* What is expected
Please restate the listing word for word, omitting the images.

* Supplied material
= Beginning of Section =

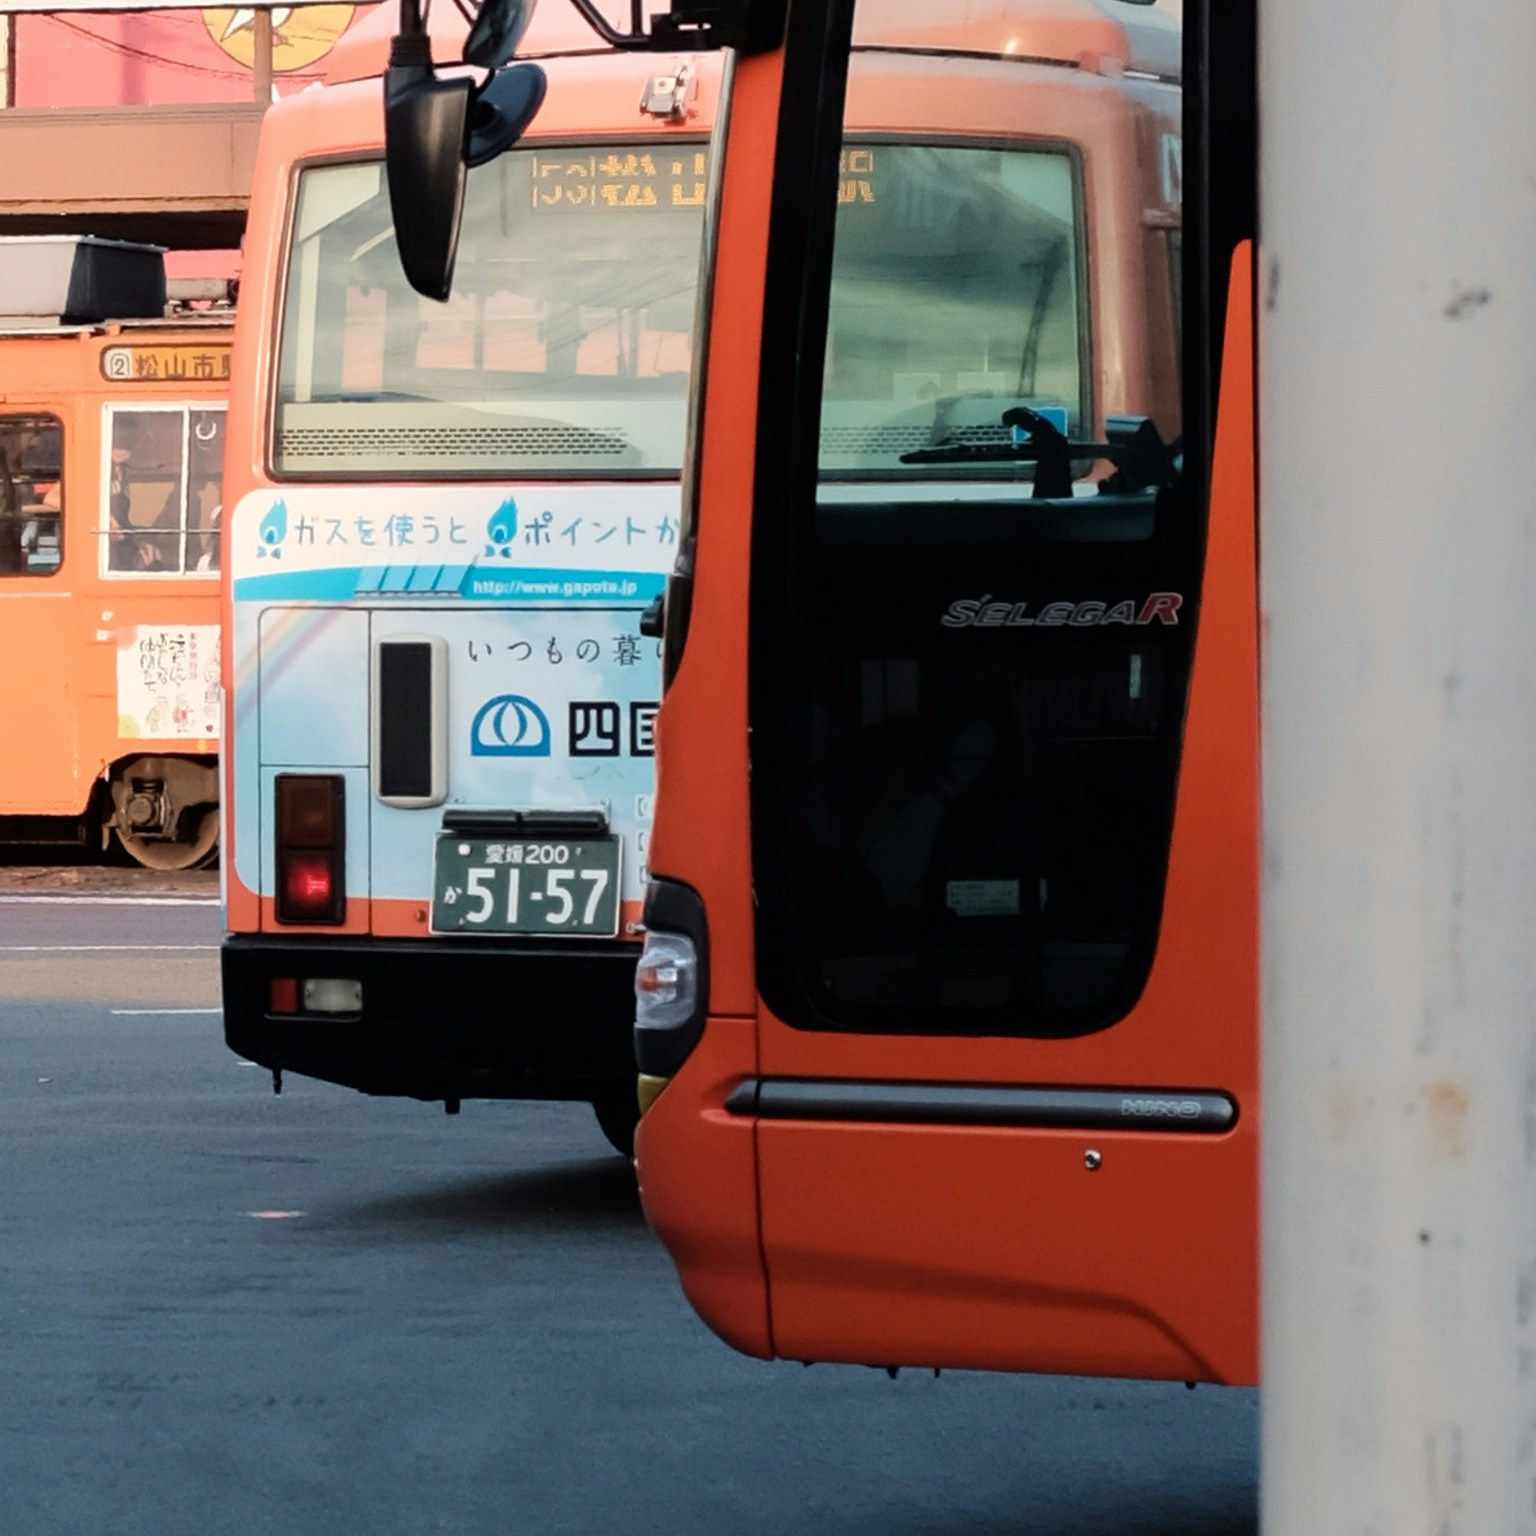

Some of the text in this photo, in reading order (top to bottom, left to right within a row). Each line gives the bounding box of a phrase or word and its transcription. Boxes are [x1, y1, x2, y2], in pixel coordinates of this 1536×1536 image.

[135, 352, 231, 378] 松山市
[294, 513, 469, 547] ガスを使うと
[465, 867, 610, 926] 51-57
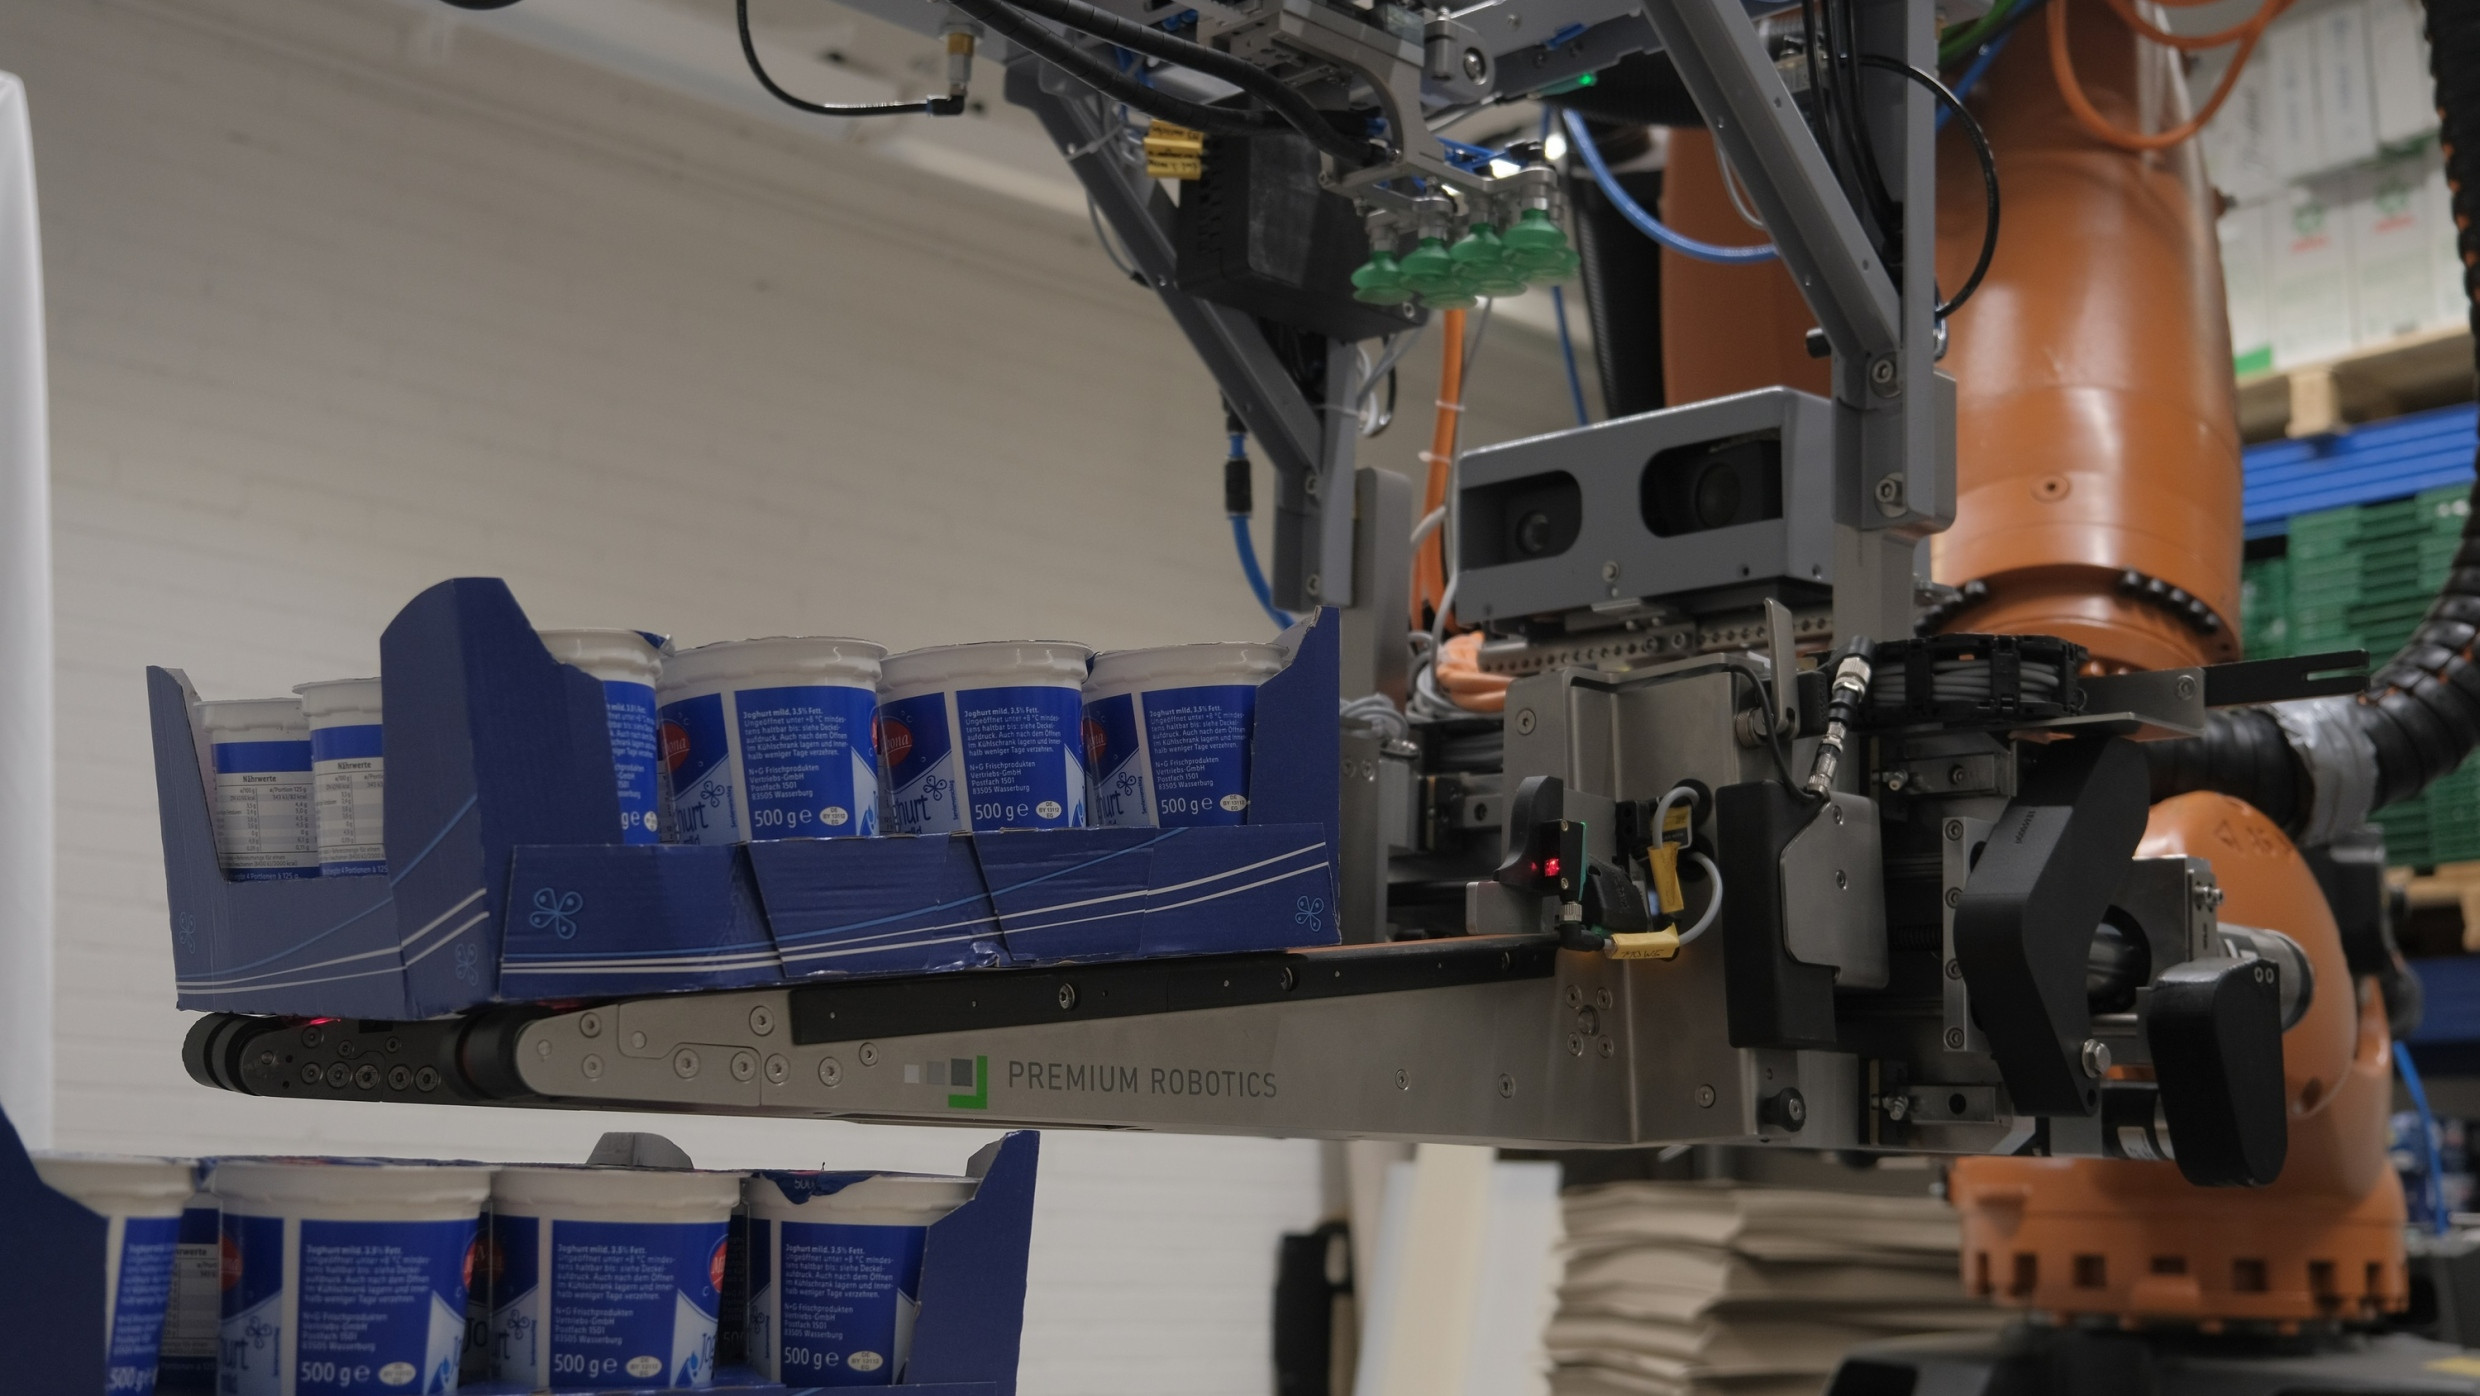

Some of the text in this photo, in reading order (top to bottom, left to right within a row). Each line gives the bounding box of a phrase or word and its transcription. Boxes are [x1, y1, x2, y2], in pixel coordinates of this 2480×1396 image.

[965, 710, 991, 718] Joghurt
[1011, 747, 1025, 755] Tage
[994, 785, 1030, 793] Wasserburg
[975, 803, 1002, 820] 500
[1006, 806, 1014, 821] g
[1161, 798, 1186, 814] 500
[1190, 800, 1199, 815] g
[621, 812, 629, 830] g
[755, 809, 783, 827] 500
[1009, 1061, 1277, 1099] PREMIUM ROBOTICS
[784, 1347, 810, 1365] 500
[302, 1362, 335, 1382] 500
[340, 1367, 351, 1387] g
[555, 1354, 585, 1373] 500
[589, 1359, 599, 1378] g

= End of Section =

* Result of the exercise
Some of the text in this photo, in reading order (top to bottom, left to right within a row). Each line gives the bounding box of a phrase or word and its transcription. Boxes are [x1, y1, x2, y2], in pixel coordinates of this 1536×1536 image.

[135, 352, 231, 378] 松山市
[294, 513, 469, 547] ガスを使うと
[465, 867, 610, 926] 51-57

Some of the text in this photo, in reading order (top to bottom, left to right within a row). Each line gives the bounding box of a phrase or word and its transcription. Boxes are [x1, y1, x2, y2], in pixel coordinates of this 2480×1396 image.

[965, 710, 991, 718] Joghurt
[1011, 747, 1025, 755] Tage
[994, 785, 1030, 793] Wasserburg
[975, 803, 1002, 820] 500
[1006, 806, 1014, 821] g
[1161, 798, 1186, 814] 500
[1190, 800, 1199, 815] g
[621, 812, 629, 830] g
[755, 809, 783, 827] 500
[1009, 1061, 1277, 1099] PREMIUM ROBOTICS
[784, 1347, 810, 1365] 500
[302, 1362, 335, 1382] 500
[340, 1367, 351, 1387] g
[555, 1354, 585, 1373] 500
[589, 1359, 599, 1378] g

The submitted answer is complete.